__Task__
Write each line below back out exactly, omitting its pictures.

------

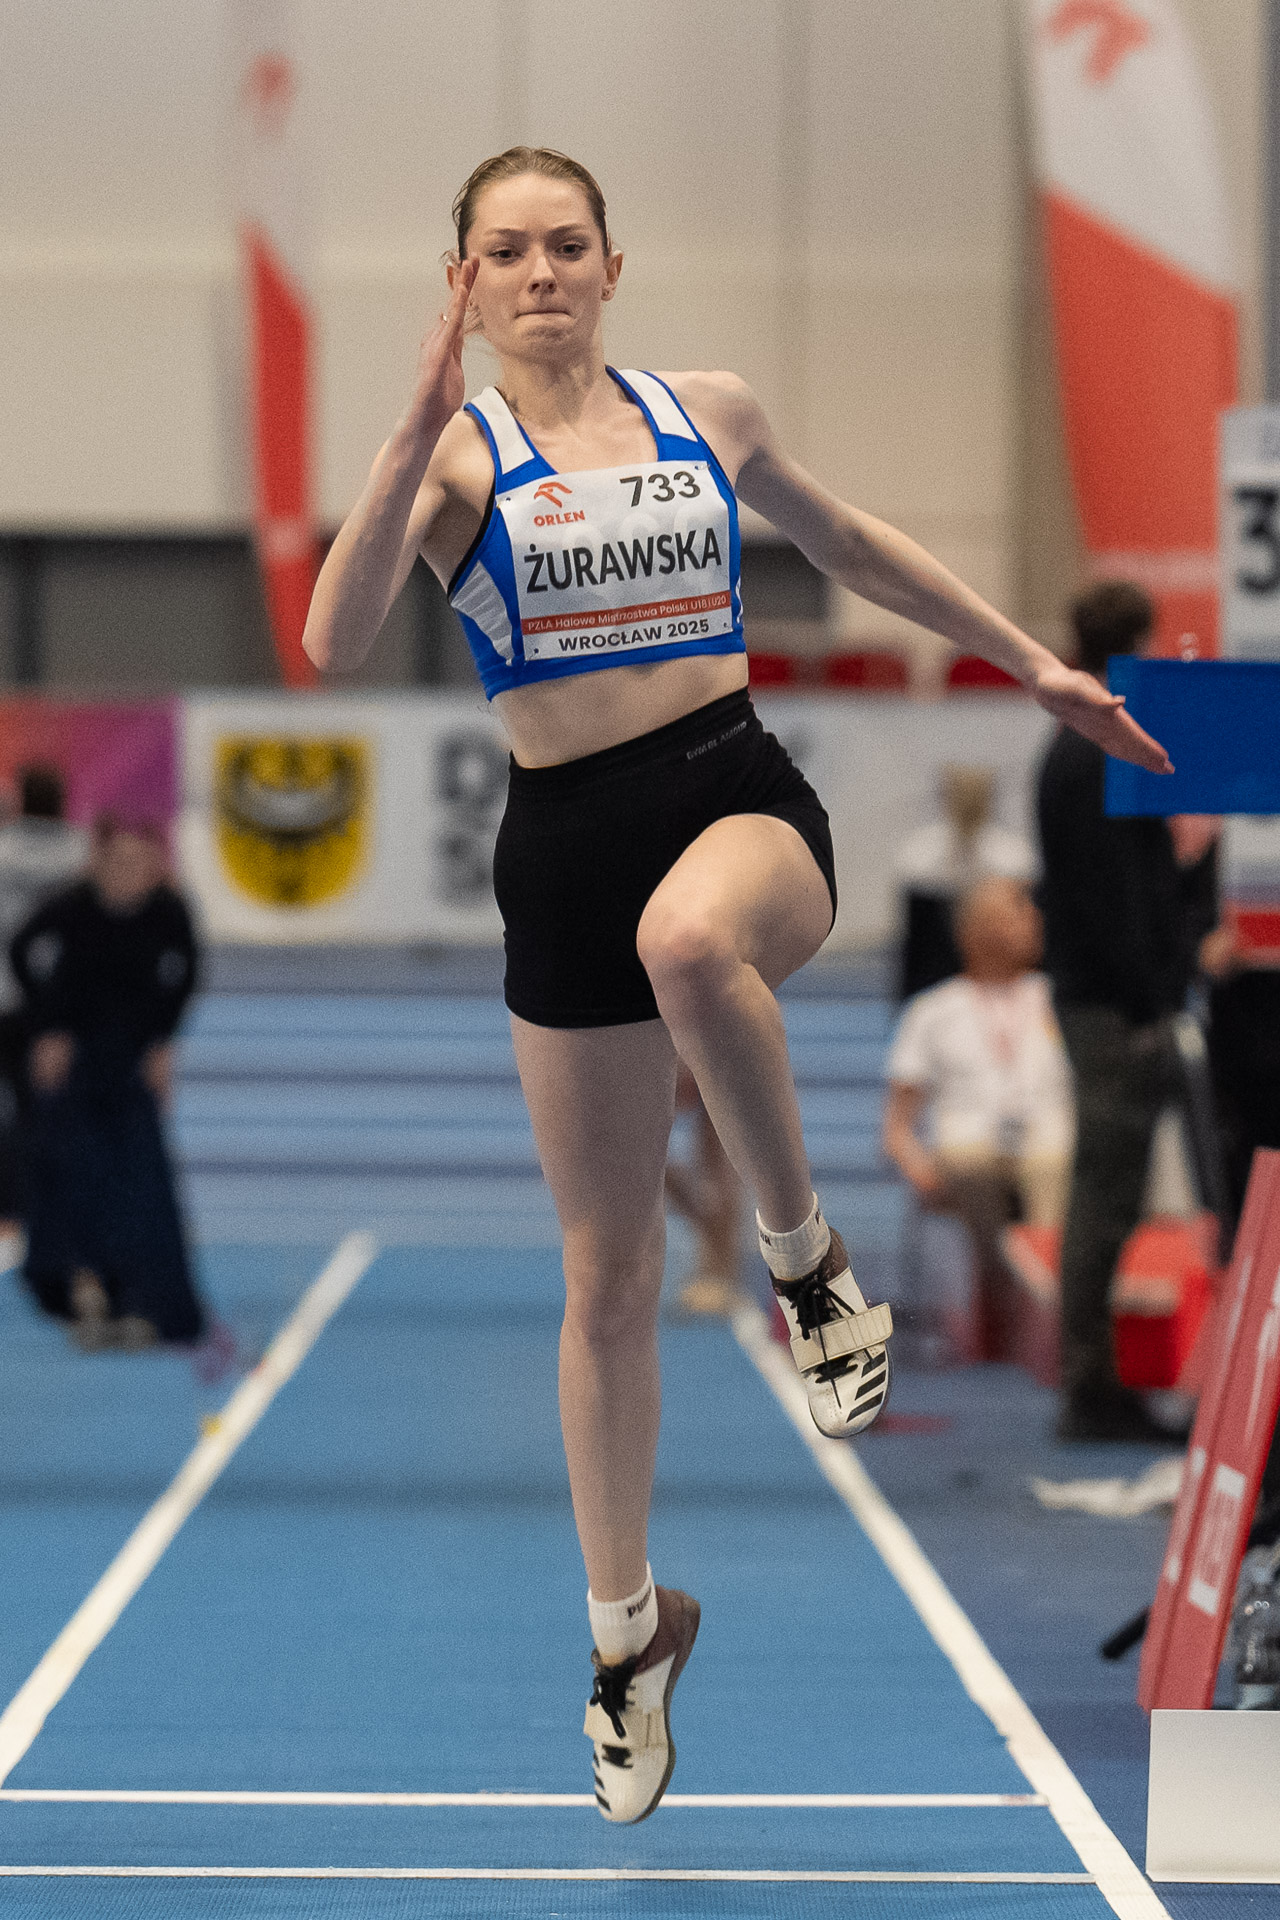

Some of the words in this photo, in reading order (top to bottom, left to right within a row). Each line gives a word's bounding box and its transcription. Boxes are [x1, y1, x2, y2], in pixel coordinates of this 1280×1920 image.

[619, 470, 701, 508] 733
[533, 509, 586, 527] ORLEN
[524, 527, 722, 594] ŻURAWSKA
[527, 619, 553, 632] PZLA
[555, 615, 596, 629] Halowe
[598, 608, 658, 624] Mistrzostwa
[659, 602, 689, 615] Polski
[690, 598, 708, 610] U18
[711, 594, 727, 607] U20
[558, 625, 662, 652] WROCŁAW
[666, 618, 710, 638] 2025
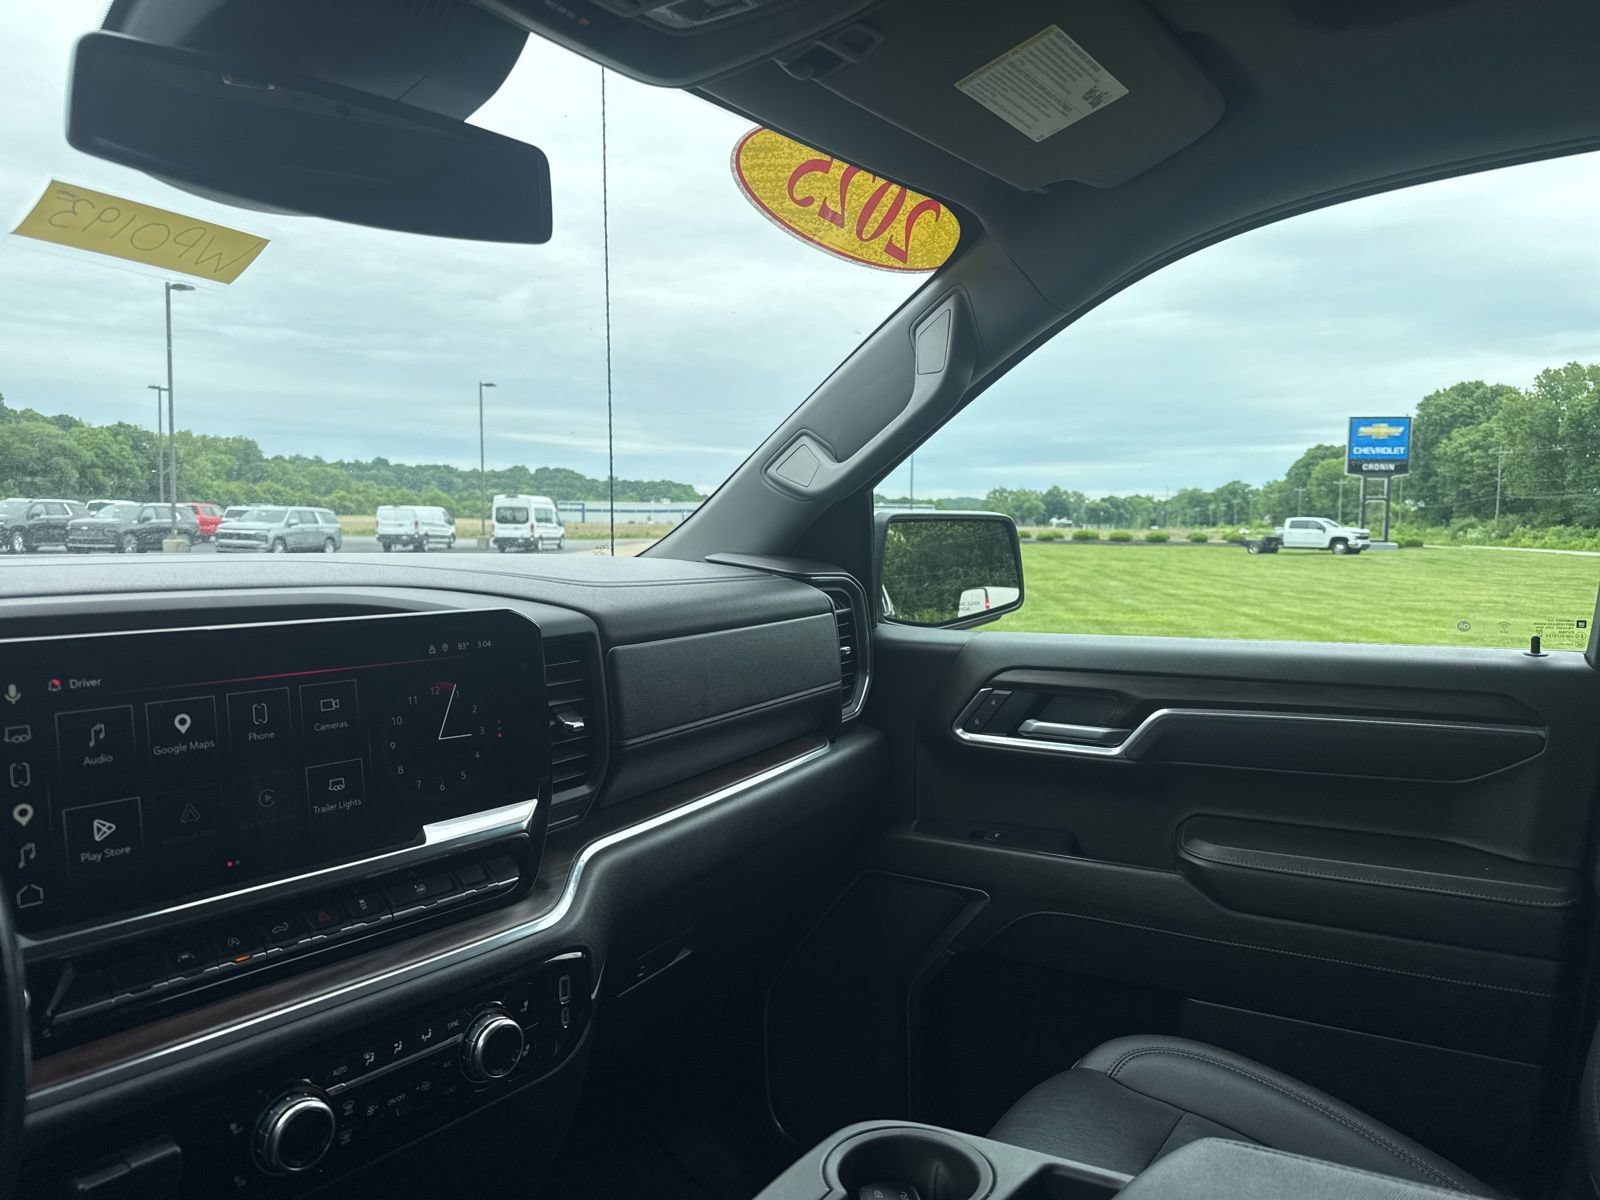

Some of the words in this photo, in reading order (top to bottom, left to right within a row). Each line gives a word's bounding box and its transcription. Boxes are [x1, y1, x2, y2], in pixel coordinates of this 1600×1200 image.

[1353, 446, 1406, 454] CHEVROLET
[1362, 463, 1395, 471] CRONIN
[69, 677, 102, 689] Driver
[430, 686, 439, 695] 12
[408, 695, 417, 705] 11
[471, 704, 478, 713] 2
[391, 716, 402, 726] 10
[314, 721, 348, 732] Cameras
[479, 726, 485, 735] 3
[248, 732, 275, 742] Phone
[153, 742, 187, 757] Google
[189, 740, 215, 754] Maps
[390, 741, 397, 751] 9
[474, 750, 481, 759] 4
[83, 754, 114, 766] Audio
[397, 765, 405, 775] 8
[460, 770, 467, 780] 5
[416, 779, 422, 789] 7
[440, 782, 446, 791] 6
[313, 802, 337, 814] Trailer
[338, 799, 361, 812] Lights
[80, 851, 102, 864] Play
[104, 846, 131, 859] Store

------

__Answer box__
Some of the words in this photo, in reading order (top to bottom, left to right within a row). Each line gives a word's bounding box and its transcription. Boxes are [x1, y1, x2, y2], in pixel coordinates of this 1280×1920 image.

[619, 470, 701, 508] 733
[533, 509, 586, 527] ORLEN
[524, 527, 722, 594] ŻURAWSKA
[527, 619, 553, 632] PZLA
[555, 615, 596, 629] Halowe
[598, 608, 658, 624] Mistrzostwa
[659, 602, 689, 615] Polski
[690, 598, 708, 610] U18
[711, 594, 727, 607] U20
[558, 625, 662, 652] WROCŁAW
[666, 618, 710, 638] 2025

Some of the words in this photo, in reading order (top to bottom, left to right within a row). Each line gives a word's bounding box and its transcription. Boxes are [x1, y1, x2, y2], in pixel coordinates of this 1600×1200 image.

[1353, 446, 1406, 454] CHEVROLET
[1362, 463, 1395, 471] CRONIN
[69, 677, 102, 689] Driver
[430, 686, 439, 695] 12
[408, 695, 417, 705] 11
[471, 704, 478, 713] 2
[391, 716, 402, 726] 10
[314, 721, 348, 732] Cameras
[479, 726, 485, 735] 3
[248, 732, 275, 742] Phone
[153, 742, 187, 757] Google
[189, 740, 215, 754] Maps
[390, 741, 397, 751] 9
[474, 750, 481, 759] 4
[83, 754, 114, 766] Audio
[397, 765, 405, 775] 8
[460, 770, 467, 780] 5
[416, 779, 422, 789] 7
[440, 782, 446, 791] 6
[313, 802, 337, 814] Trailer
[338, 799, 361, 812] Lights
[80, 851, 102, 864] Play
[104, 846, 131, 859] Store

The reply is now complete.